::: DATASET
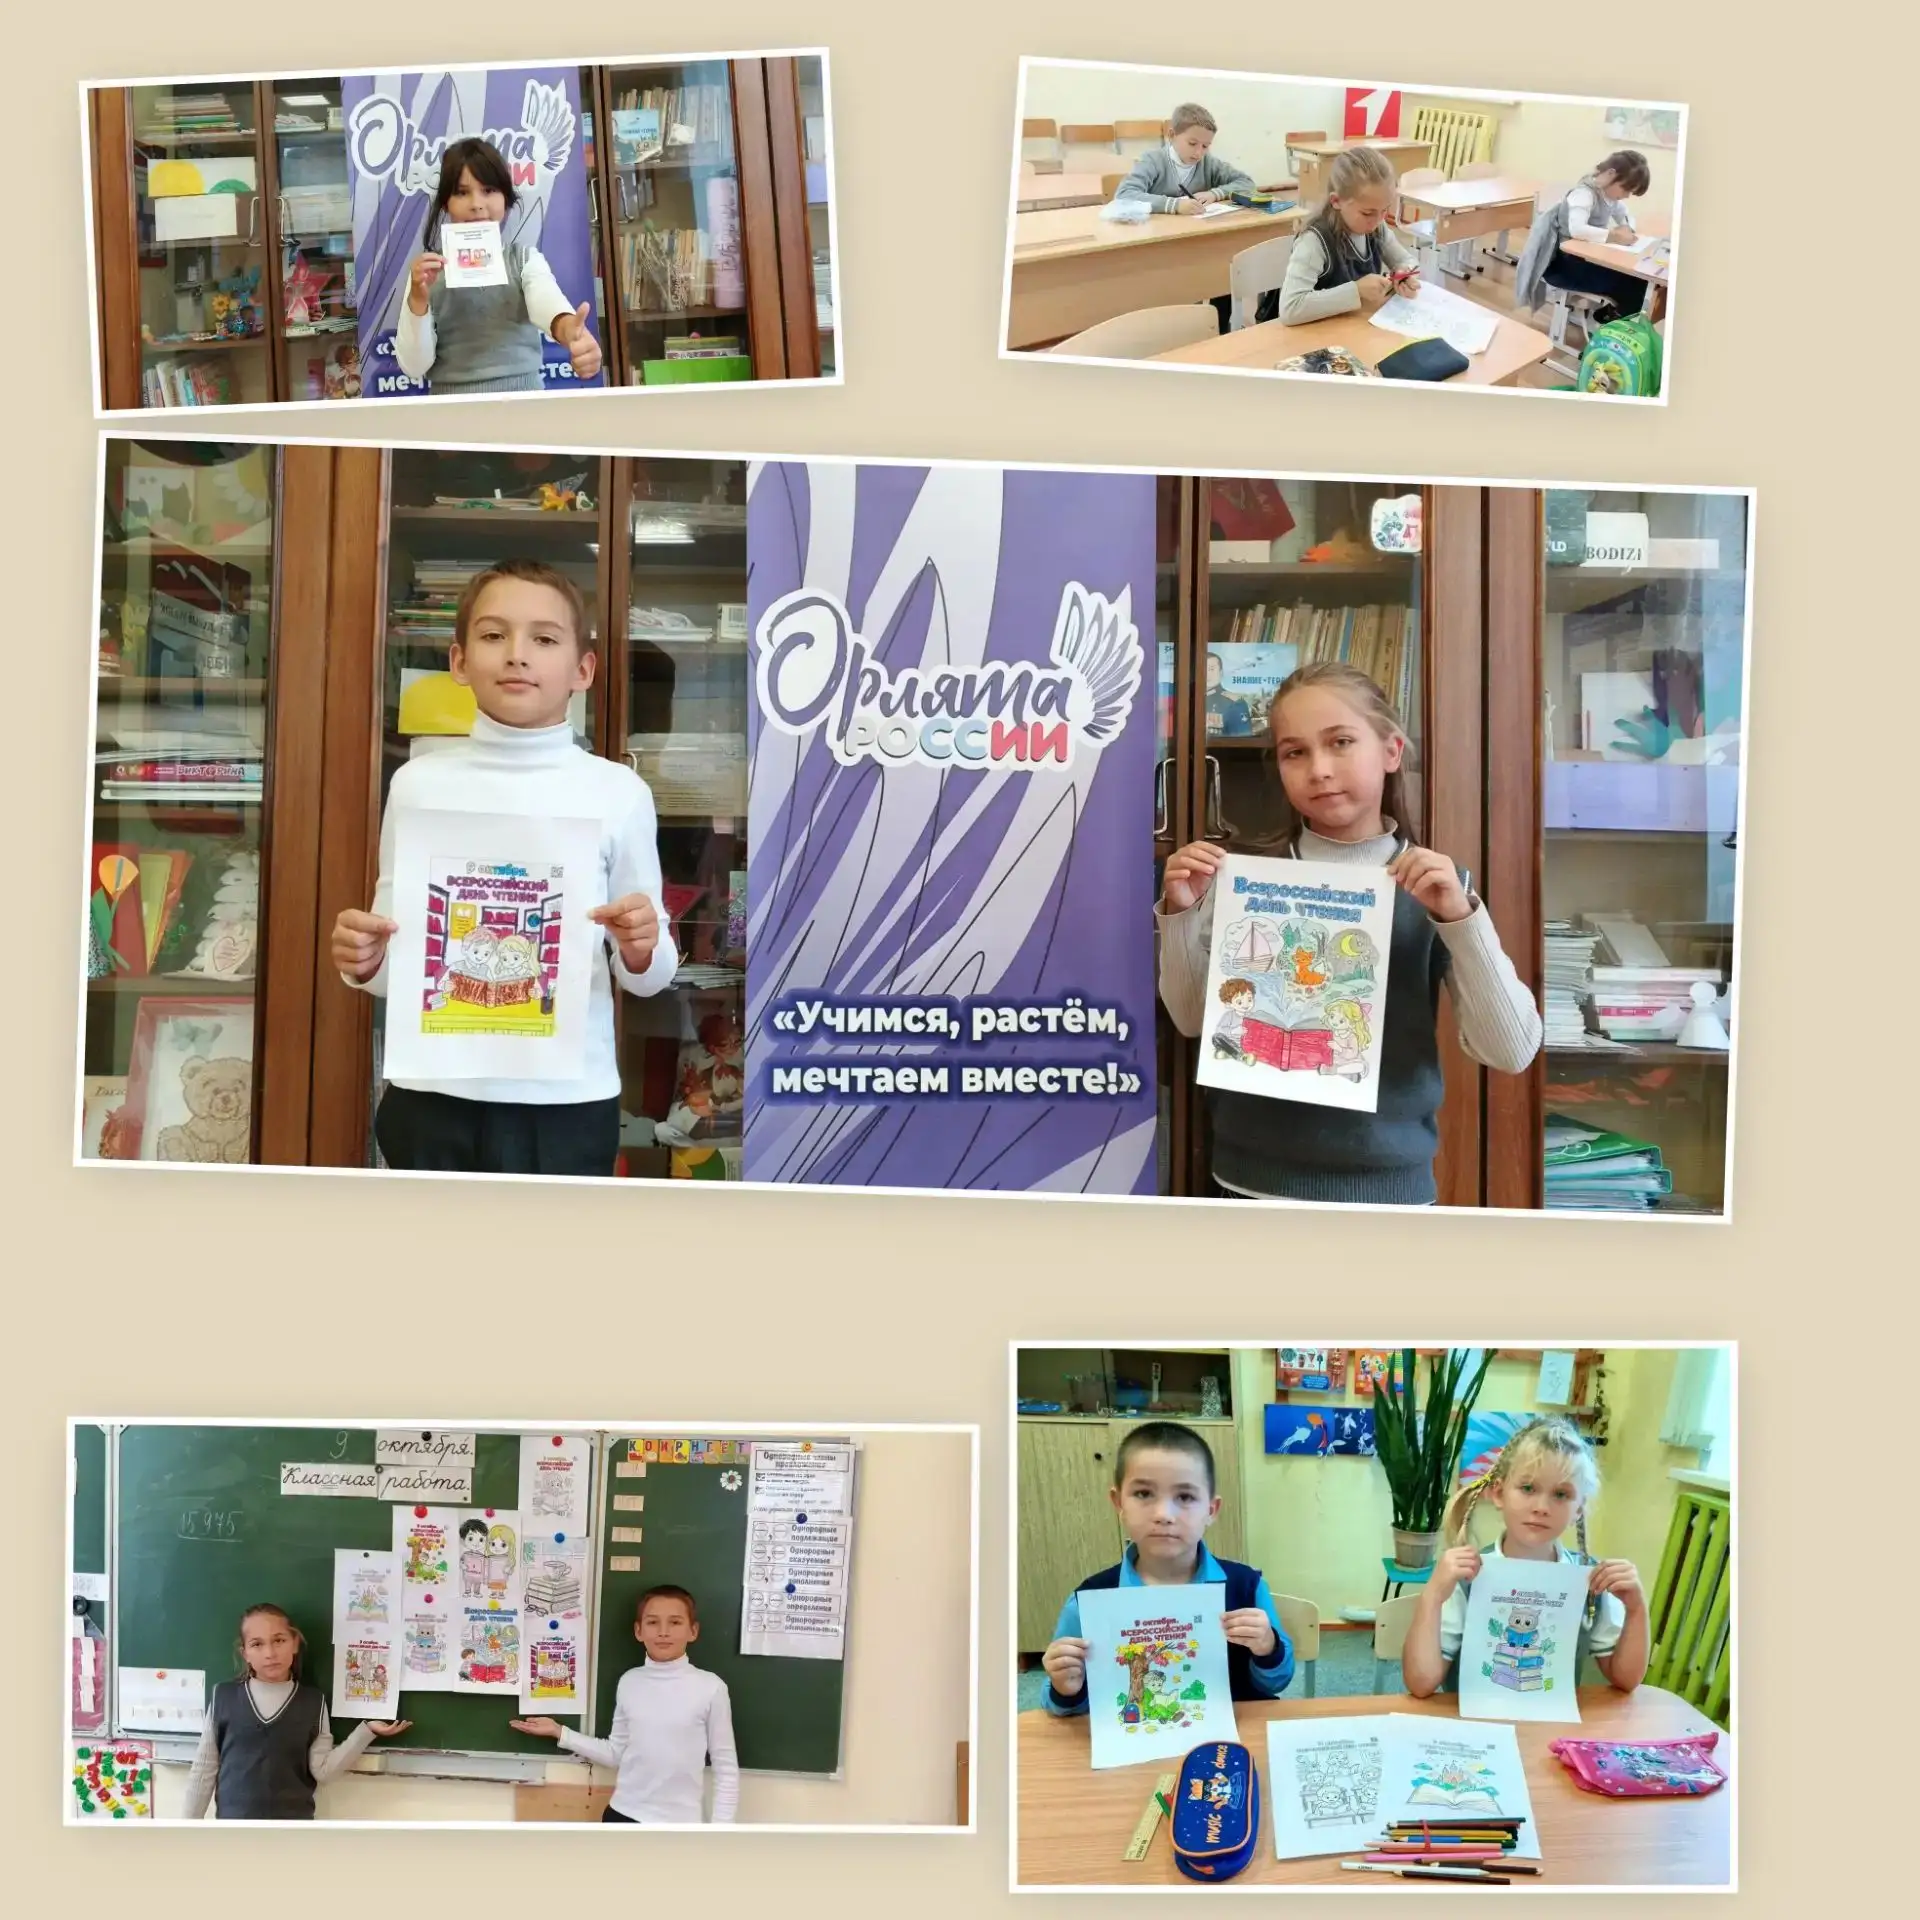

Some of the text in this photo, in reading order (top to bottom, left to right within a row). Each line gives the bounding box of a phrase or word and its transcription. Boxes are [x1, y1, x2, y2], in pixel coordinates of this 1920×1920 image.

[767, 596, 1072, 741] Орлята
[447, 875, 549, 893] ВСЕРОССИЙСКИЙ
[1233, 877, 1376, 908] Всероссийский
[457, 890, 538, 903] ДЕНЬ ЧТЕНИЯ
[1295, 903, 1362, 923] чтения
[773, 998, 1128, 1041] «Учимся, растём,
[773, 1062, 1141, 1096] мечтаем вместе!»
[329, 1431, 348, 1459] 9
[283, 1467, 376, 1487] Классная
[791, 1524, 837, 1534] Однородные
[1121, 1623, 1193, 1637] ВСЕРОССИЙСКИЙ
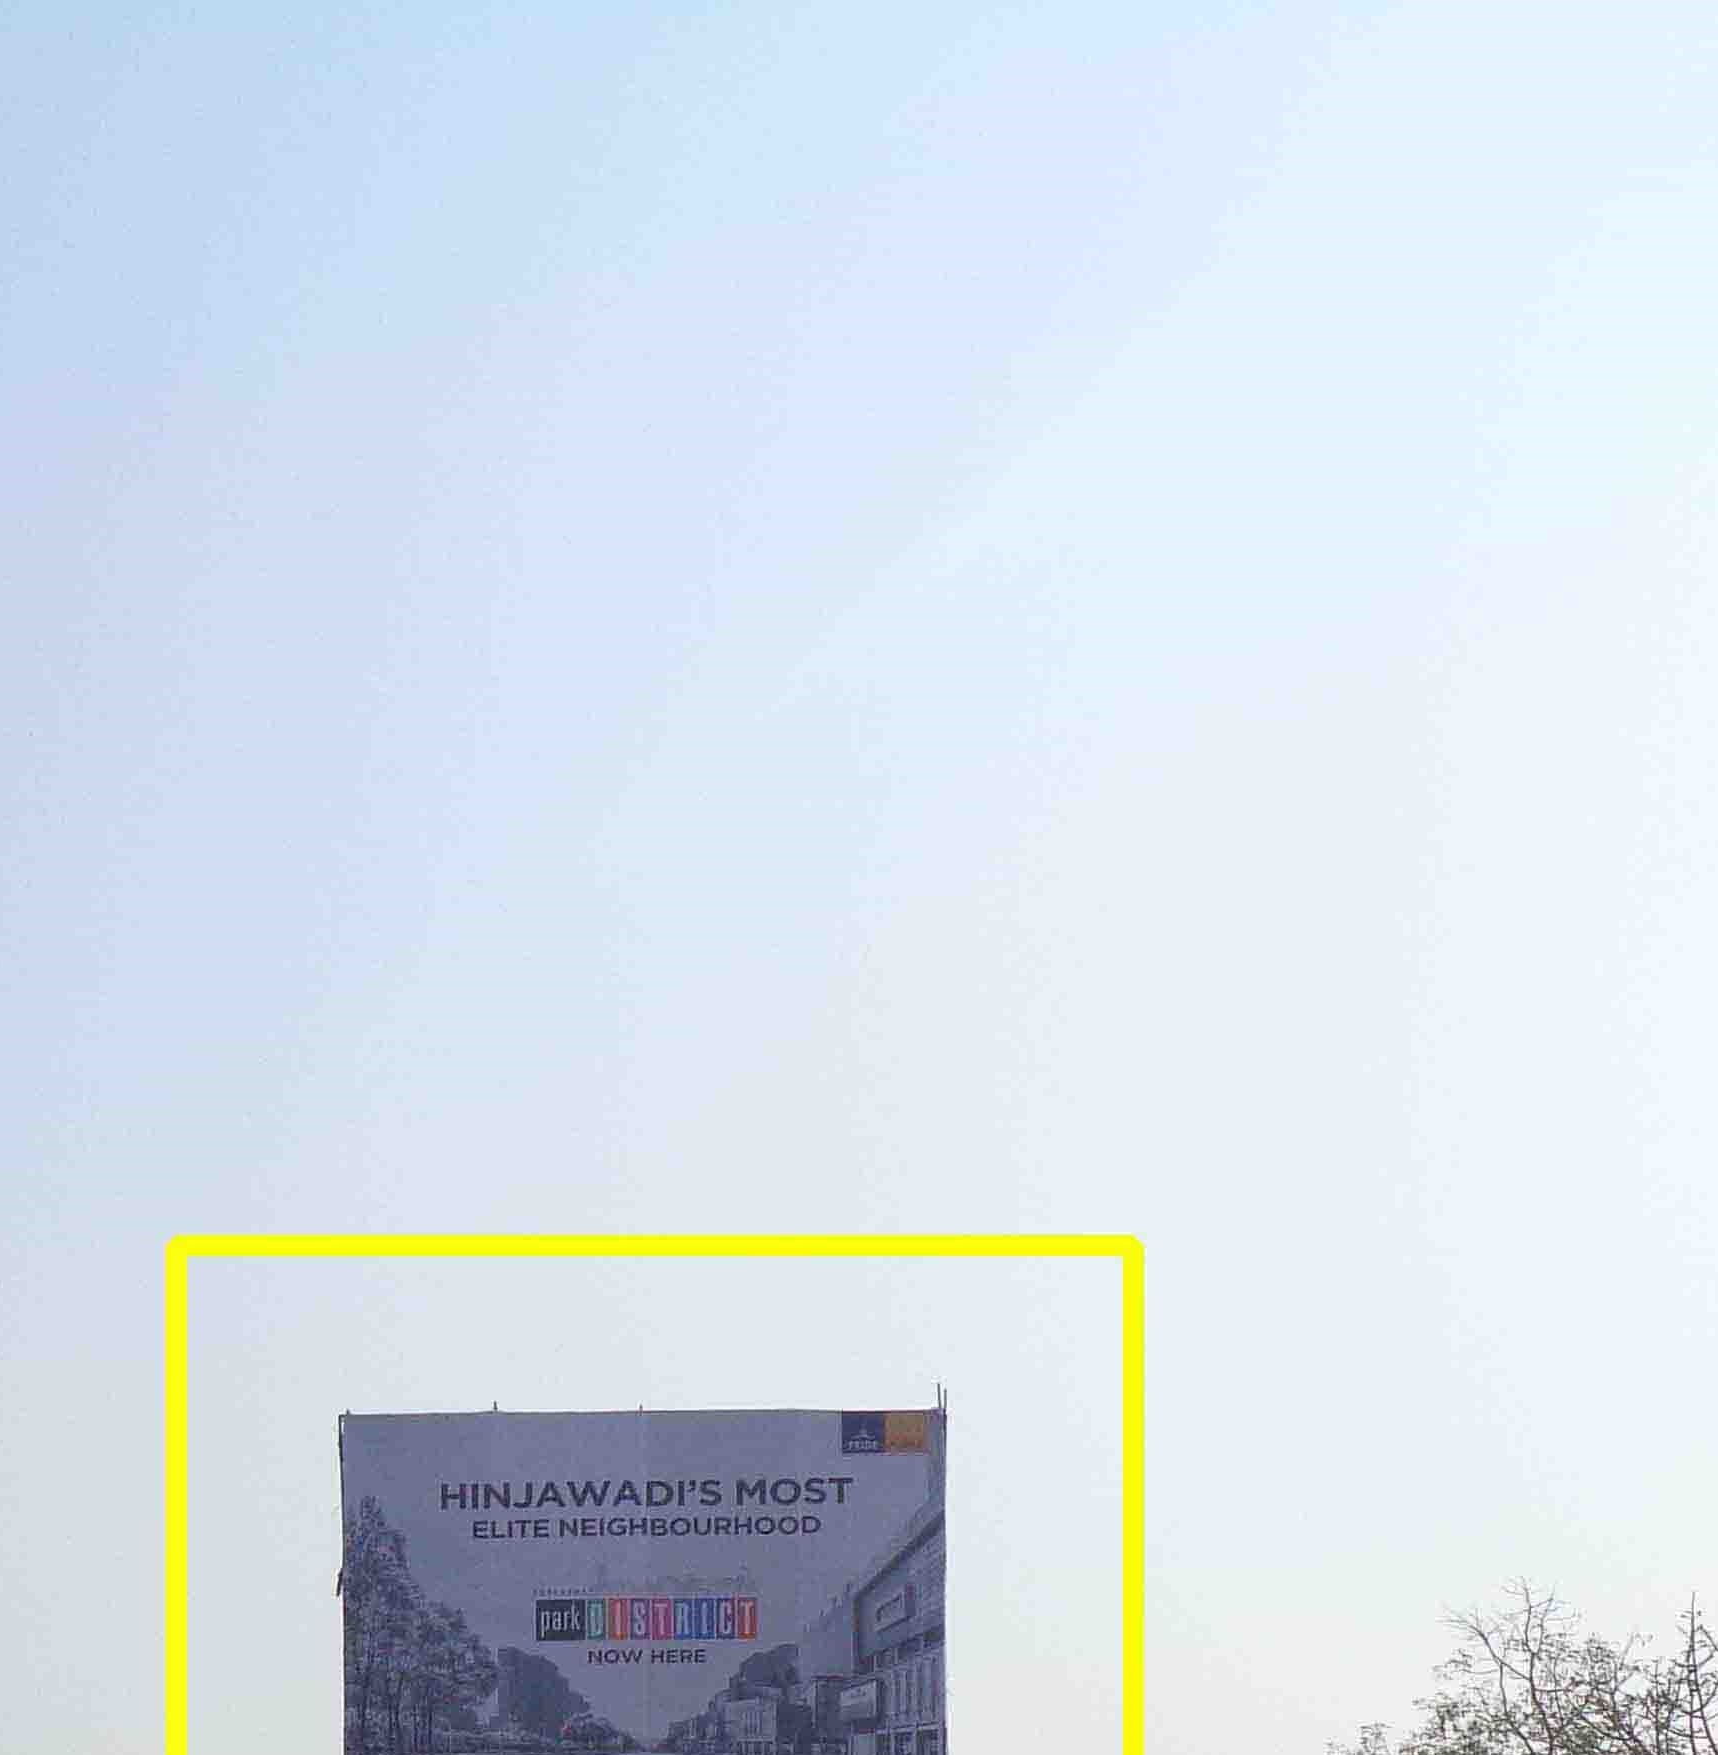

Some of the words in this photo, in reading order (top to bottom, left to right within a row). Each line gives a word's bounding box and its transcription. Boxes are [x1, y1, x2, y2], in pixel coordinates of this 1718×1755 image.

[440, 1480, 723, 1511] HINJAWADI'S
[736, 1477, 854, 1506] MOST
[472, 1520, 549, 1539] ELITE
[559, 1516, 821, 1537] NEIGHBOURHOOD
[540, 1605, 581, 1638] park
[588, 1601, 757, 1640] DISTRICT
[588, 1649, 642, 1664] NOW
[651, 1649, 706, 1664] HERE
::::::
GOAL OF THE EXERCISE => Output the records verbatim, every one of them, and keep the pictures out.

EXERCISE OUTPUT =>
Some of the text in this photo, in reading order (top to bottom, left to right within a row). Each line gives the bounding box of a phrase or word and its transcription. Boxes are [x1, y1, x2, y2], in pixel coordinates of this 1920×1920 image.

[767, 596, 1072, 741] Орлята
[447, 875, 549, 893] ВСЕРОССИЙСКИЙ
[1233, 877, 1376, 908] Всероссийский
[457, 890, 538, 903] ДЕНЬ ЧТЕНИЯ
[1295, 903, 1362, 923] чтения
[773, 998, 1128, 1041] «Учимся, растём,
[773, 1062, 1141, 1096] мечтаем вместе!»
[329, 1431, 348, 1459] 9
[283, 1467, 376, 1487] Классная
[791, 1524, 837, 1534] Однородные
[1121, 1623, 1193, 1637] ВСЕРОССИЙСКИЙ

Some of the words in this photo, in reading order (top to bottom, left to right within a row). Each line gives a word's bounding box and its transcription. Boxes are [x1, y1, x2, y2], in pixel coordinates of this 1718×1755 image.

[440, 1480, 723, 1511] HINJAWADI'S
[736, 1477, 854, 1506] MOST
[472, 1520, 549, 1539] ELITE
[559, 1516, 821, 1537] NEIGHBOURHOOD
[540, 1605, 581, 1638] park
[588, 1601, 757, 1640] DISTRICT
[588, 1649, 642, 1664] NOW
[651, 1649, 706, 1664] HERE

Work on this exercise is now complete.